The Puritan Reformed Theological Seminary has its own website that you can visit online at www.prts.edu.
Puritan Reformed Theological Seminary was born in May of 1995, with classes officially commencing in August 1995. Students of the Heritage Reformed Congregations and the Free Reformed Churches attend for their theological training; students outside of these denominations are accepted on the basis of adherence to the Three Forms of Unity or the Westminster Standards and meeting the basic admissions requirements.

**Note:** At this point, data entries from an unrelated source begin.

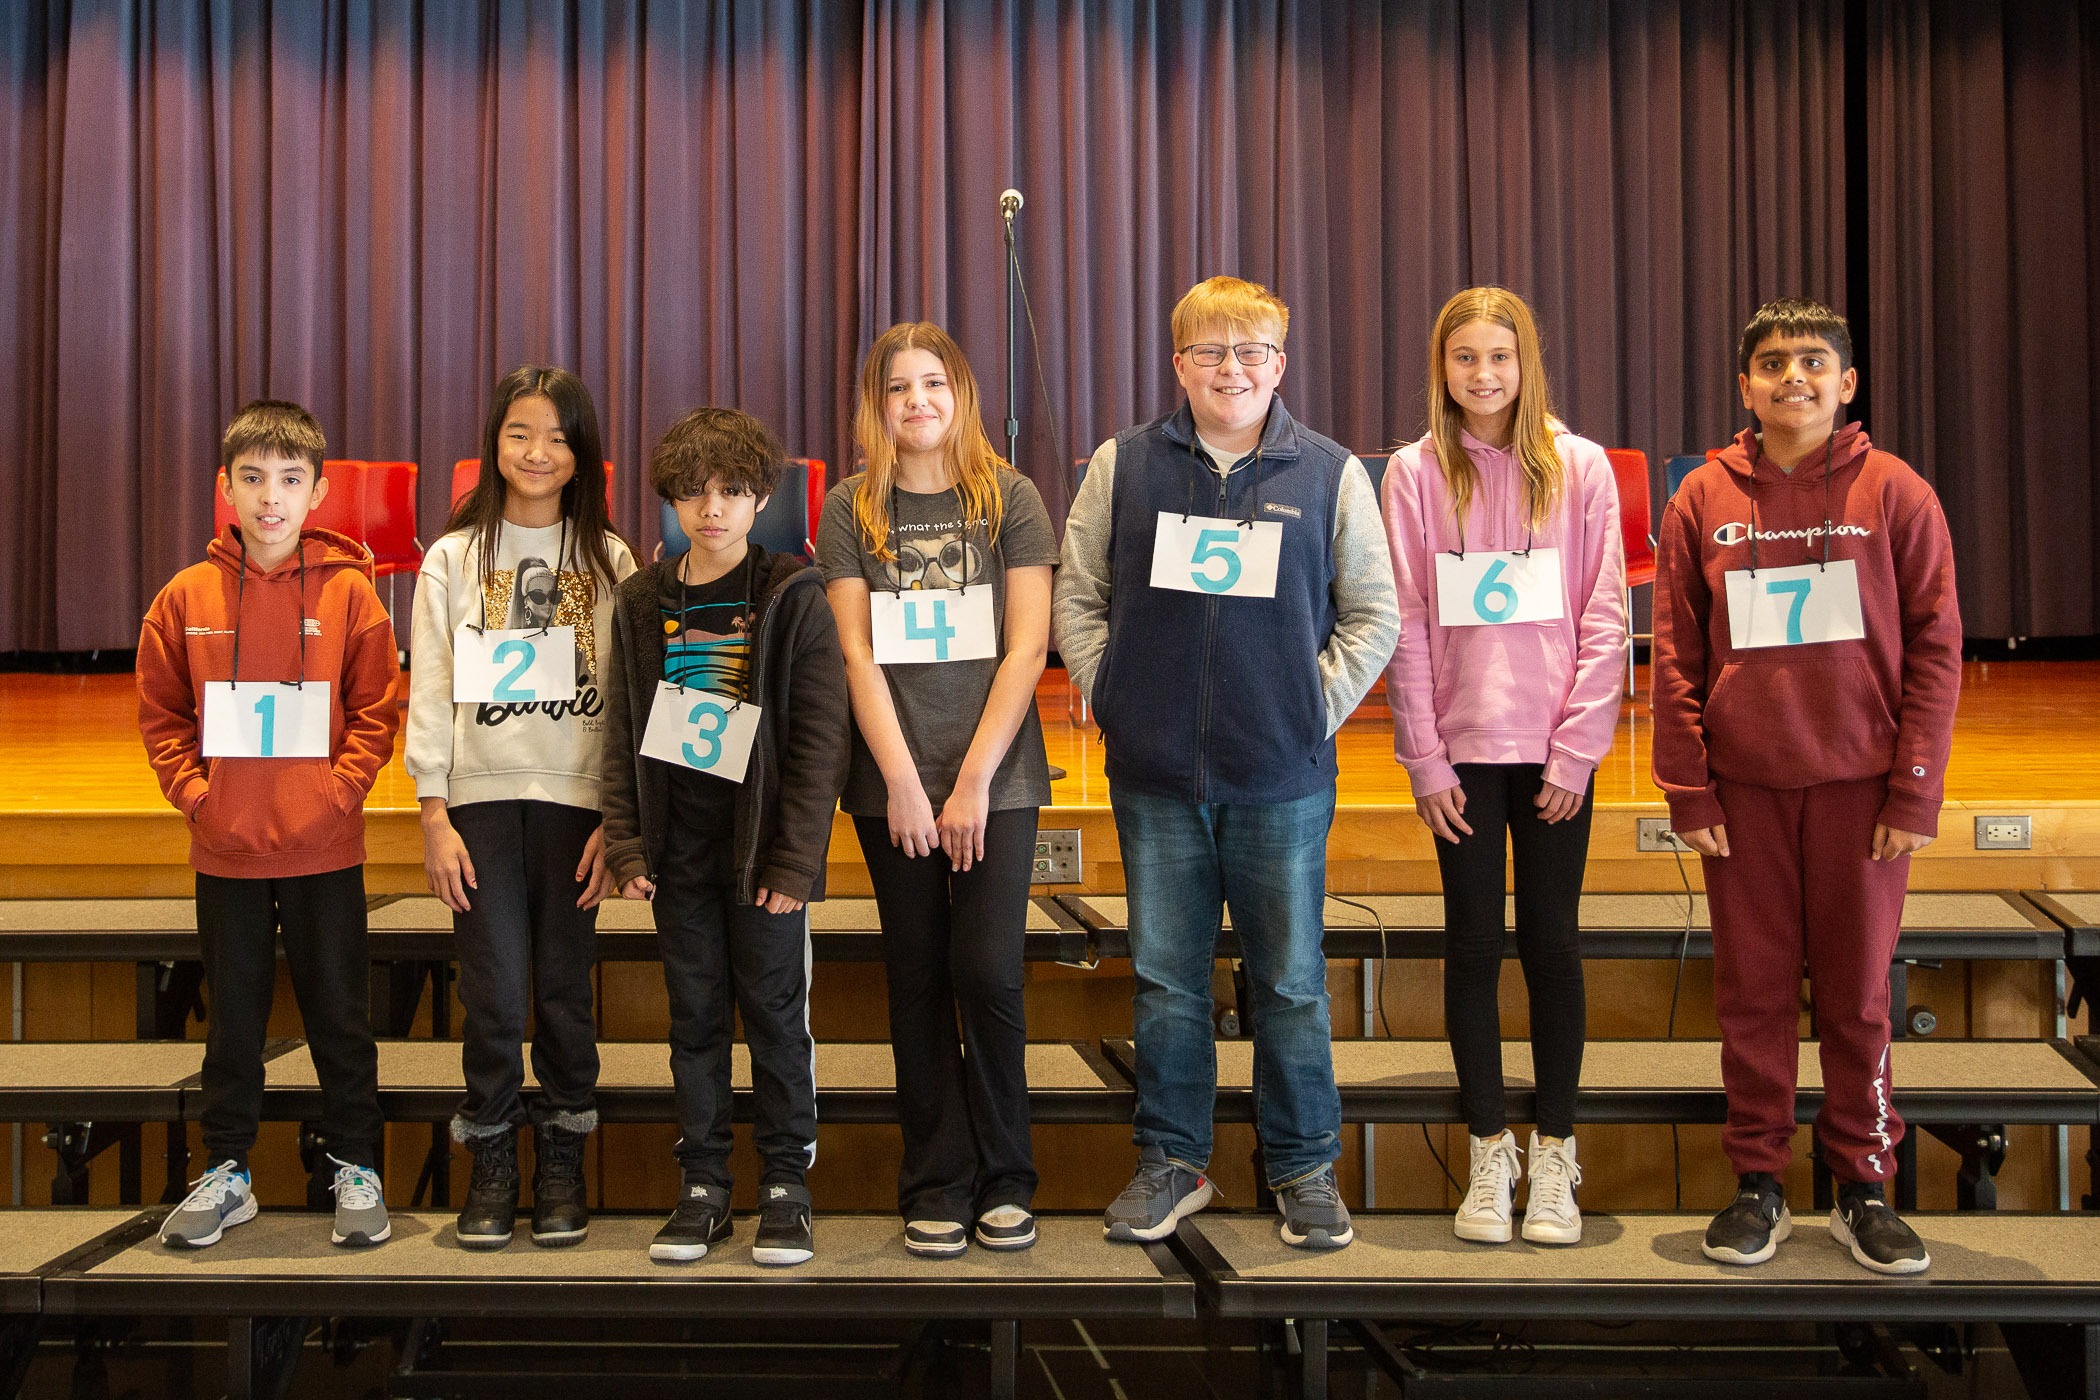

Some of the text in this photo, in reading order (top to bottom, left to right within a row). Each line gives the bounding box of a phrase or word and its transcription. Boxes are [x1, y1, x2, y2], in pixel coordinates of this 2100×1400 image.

[898, 522, 930, 532] what
[933, 521, 954, 531] the
[1272, 505, 1300, 516] Columbia
[1713, 519, 1871, 548] Champion
[1191, 529, 1242, 593] 5
[1473, 559, 1517, 623] 6
[905, 600, 955, 660] 4
[1767, 578, 1811, 644] 7
[493, 640, 536, 701] 2
[254, 694, 276, 757] 1
[682, 701, 728, 769] 3
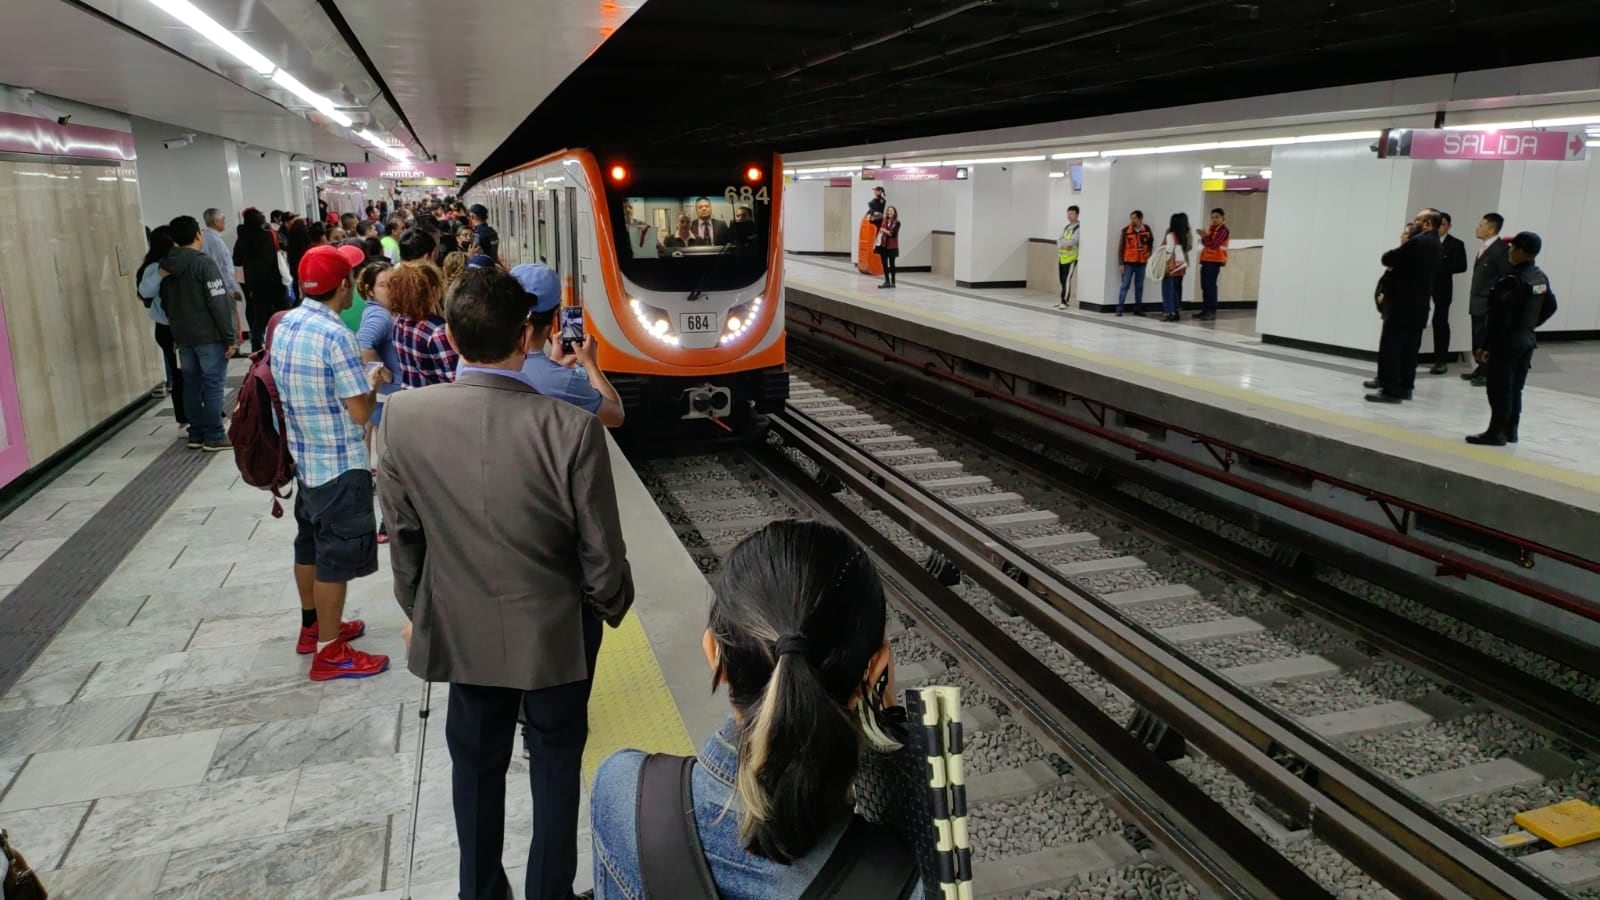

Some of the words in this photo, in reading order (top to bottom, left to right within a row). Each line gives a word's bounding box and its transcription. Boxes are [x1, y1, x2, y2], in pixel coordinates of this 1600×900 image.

[1443, 133, 1538, 156] SALIDA
[724, 185, 770, 206] 684
[687, 315, 709, 330] 684
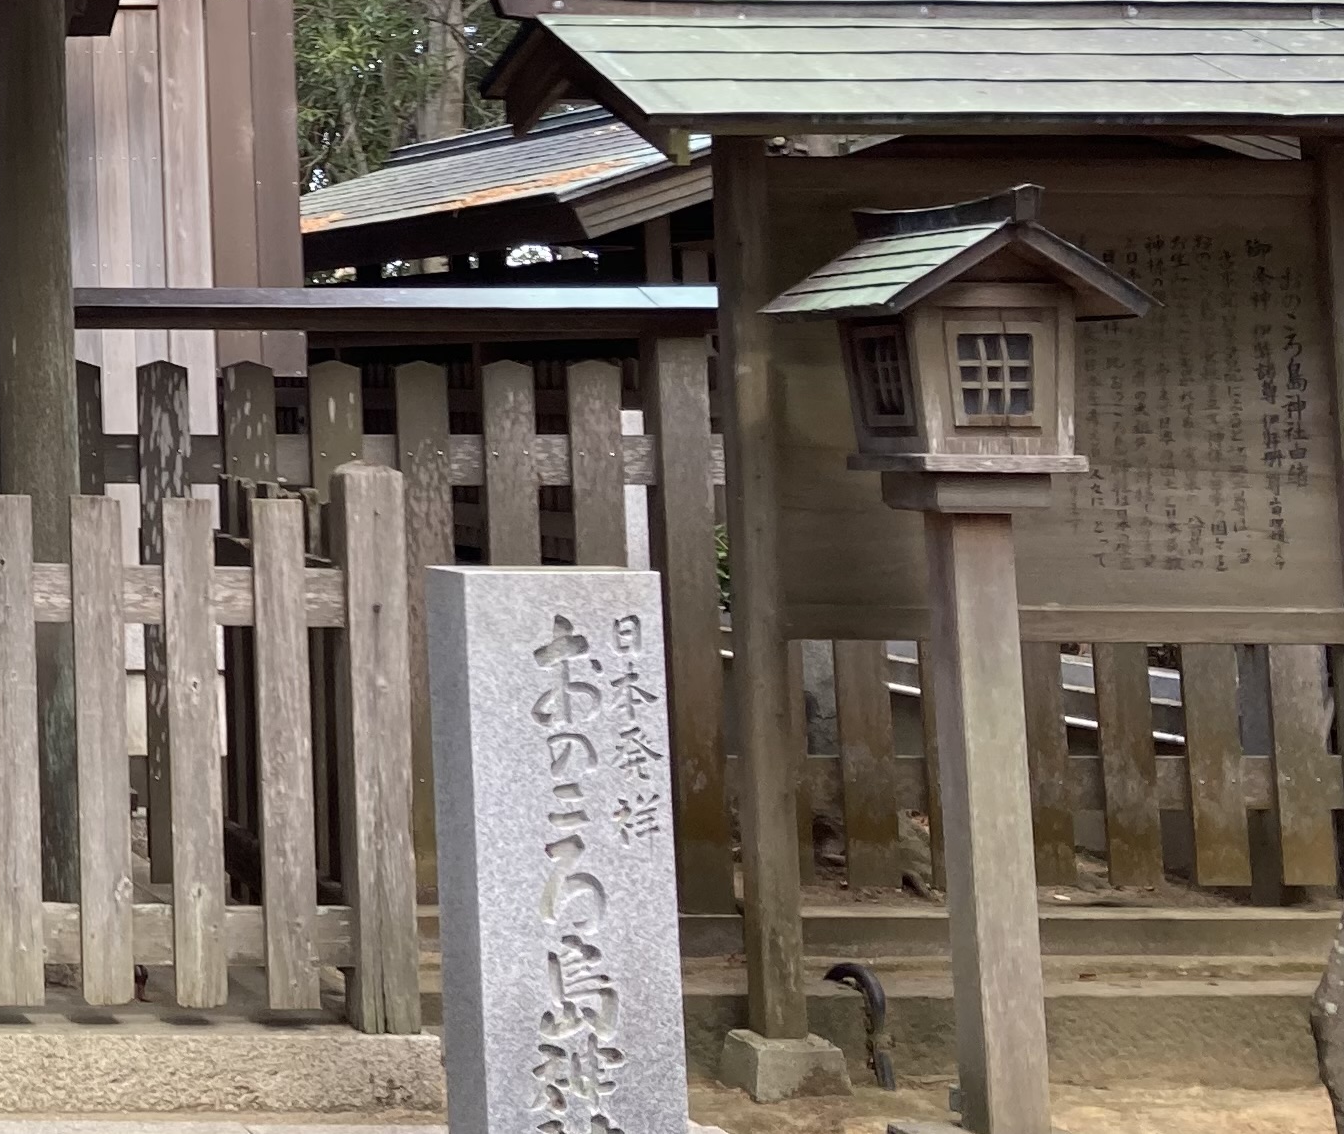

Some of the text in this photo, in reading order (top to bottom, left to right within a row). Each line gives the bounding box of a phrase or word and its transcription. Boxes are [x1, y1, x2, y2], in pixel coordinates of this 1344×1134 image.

[530, 614, 627, 1134] おのころ島神
[611, 614, 665, 848] 日本発祥
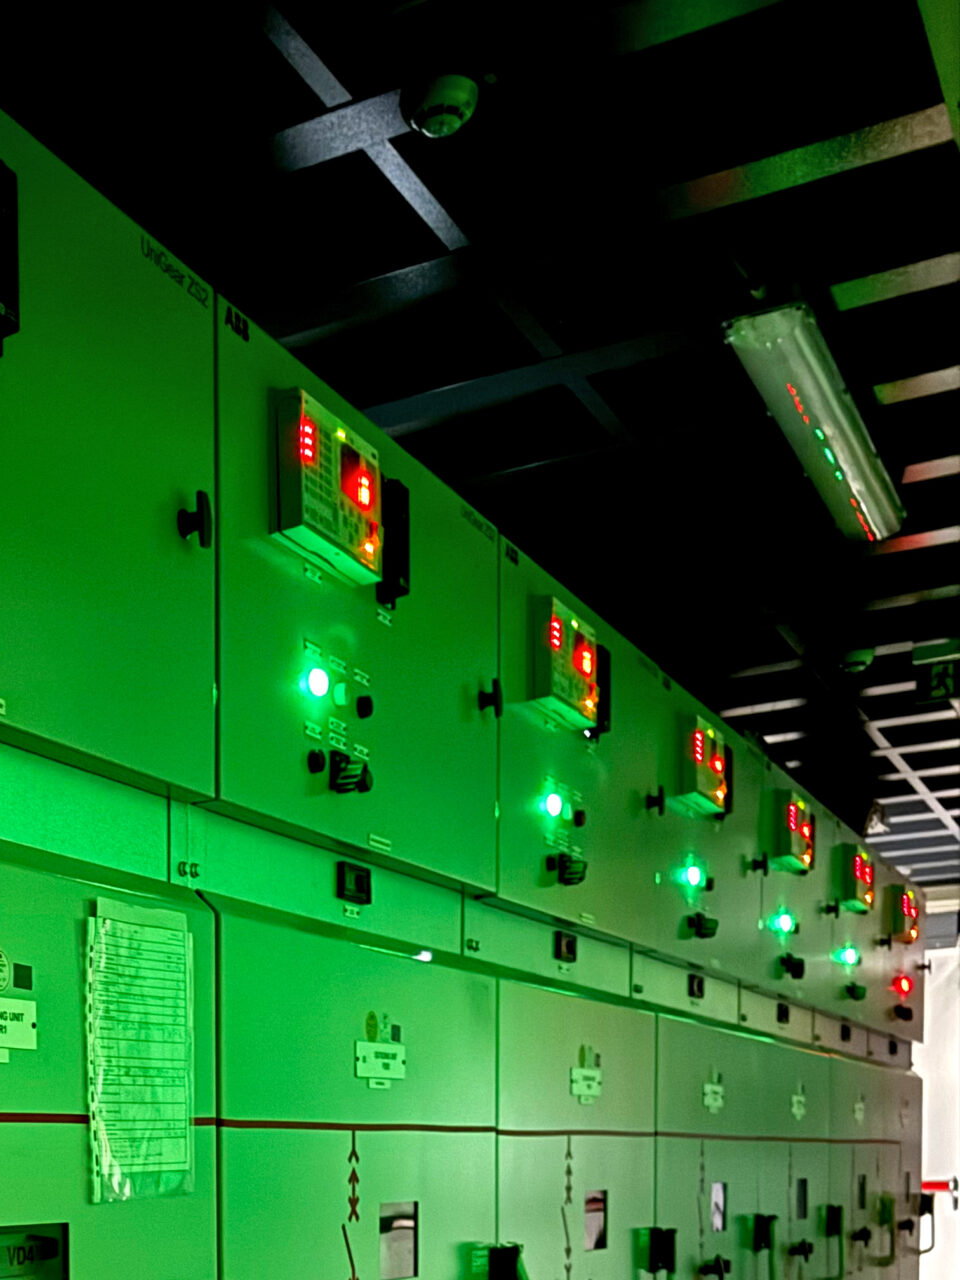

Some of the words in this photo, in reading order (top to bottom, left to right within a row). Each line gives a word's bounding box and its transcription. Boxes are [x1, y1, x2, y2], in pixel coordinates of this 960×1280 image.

[187, 275, 209, 309] ZS2
[224, 305, 250, 342] ABB
[9, 1012, 24, 1023] UNIT
[7, 1246, 34, 1266] VD4
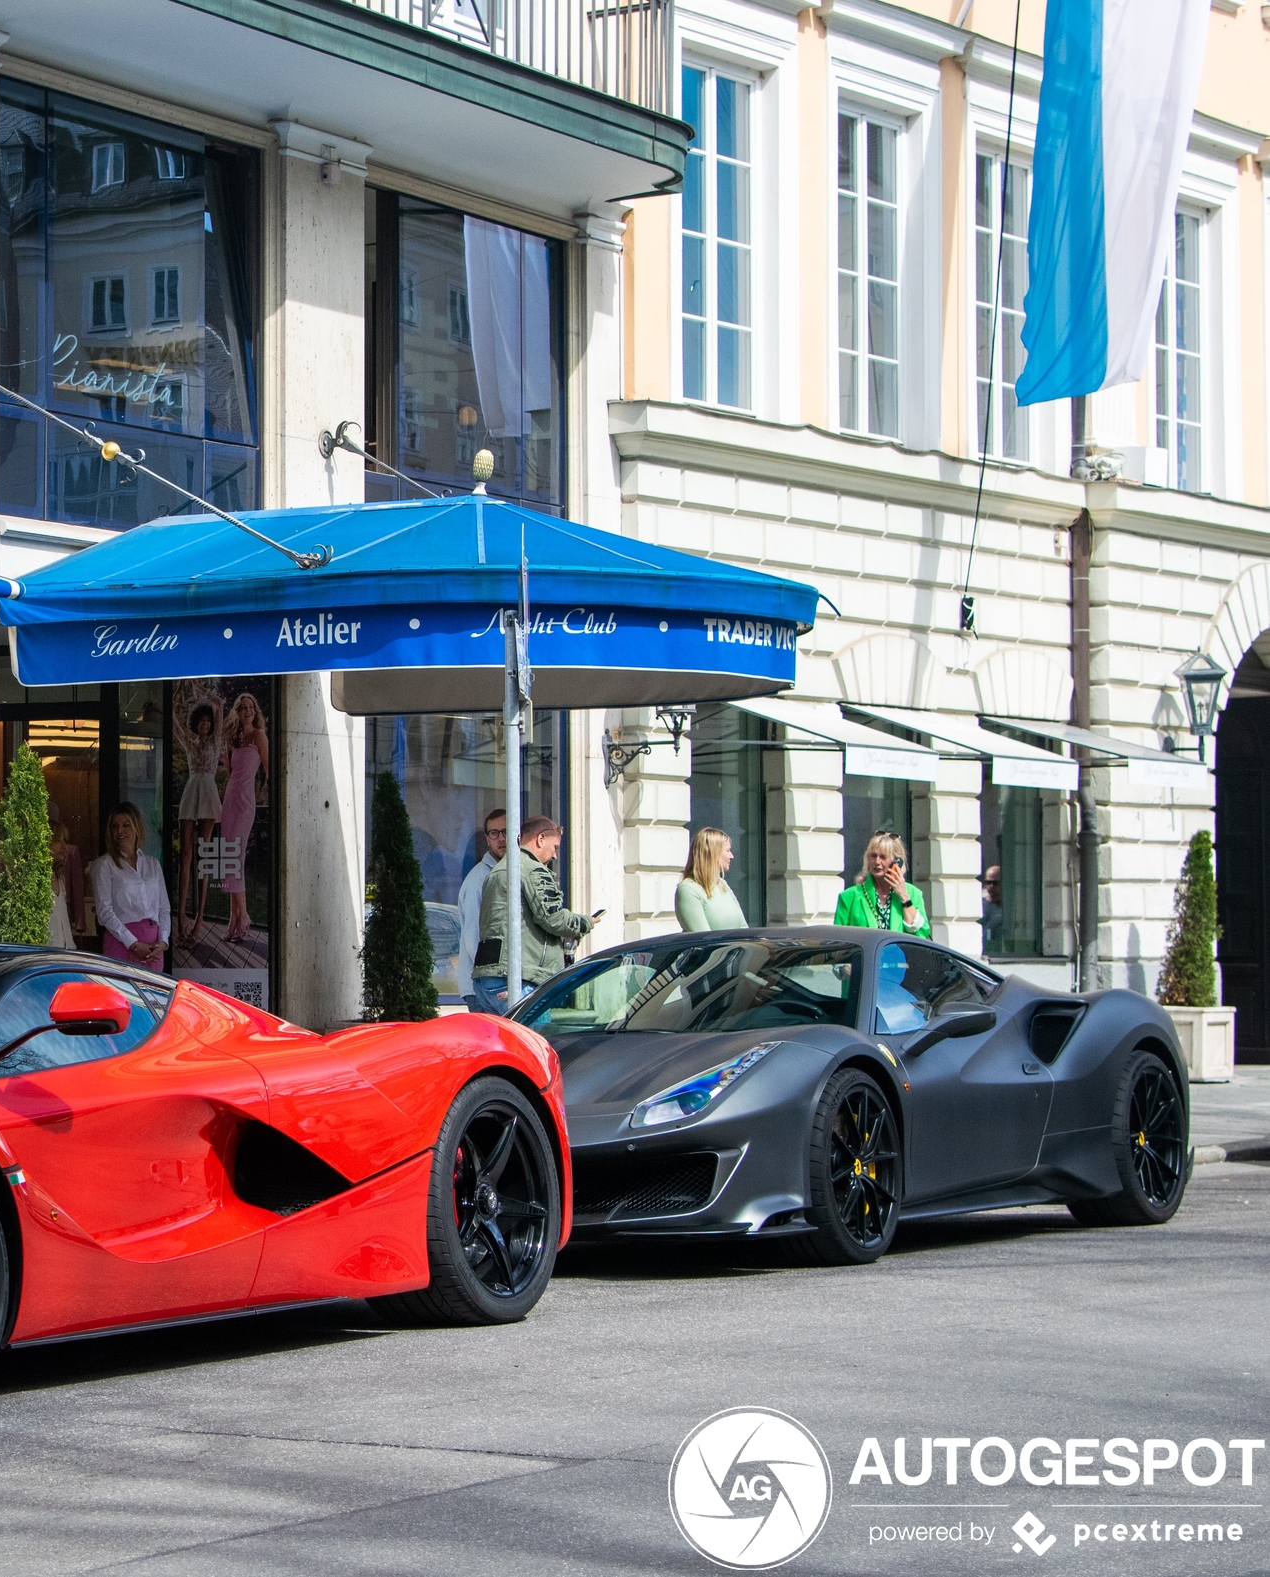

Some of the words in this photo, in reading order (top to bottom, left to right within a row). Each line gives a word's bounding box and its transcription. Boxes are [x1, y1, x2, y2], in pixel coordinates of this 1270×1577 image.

Puritan Reformed Theological Seminary is distinctive because of its Reformed, experiential emphasis and its academy model of education. Ministry in the church of Jesus Christ—whether it be preaching, teaching, counseling, or administration—must be theologically informed. Therefore, our seminary strives to fully equip students for a variety of forms of gospel ministry, always remembering that the Holy Spirit’s unction and blessing is requisite to make men “able ministers of the New Testament.”
Several seminaries in North America today teach Reformed doctrine, but few such institutions have a deep respect for Reformed, experiential preaching. By experiential preaching, we mean Christ-centered preaching which stresses that, for salvation, sinners must have a personal, experiential, Spirit-worked knowledge of Christ (John 17:3, 1 Cor. 1:30), and, by extension, of all the great truths of Scripture (2 Tim. 3:14-17). Thus we stress, as the Puritans did, that the Holy Spirit causes the objective truths about Christ and His work to be experienced in the heart of sinners.
Experiential preaching is therefore applicatory. It explains how matters do go and how they ought to go in the Christian life. It aims to apply faith in Christ to all of the believer’s experience, as an individual and in all of his relationships in the family, church, and world (Rom. 7:24-25; Col. 2:6-7). Experiential preaching is also discriminatory. It defines the difference between believers and unbelievers, opening the kingdom of heaven to believers and shutting it against unbelievers (Matt. 16:19).
In dependency on the Holy Spirit, Puritan Reformed Theological Seminary trains men who are called by God to be pastors and feel kinship with this Reformed, experiential emphasis in preaching.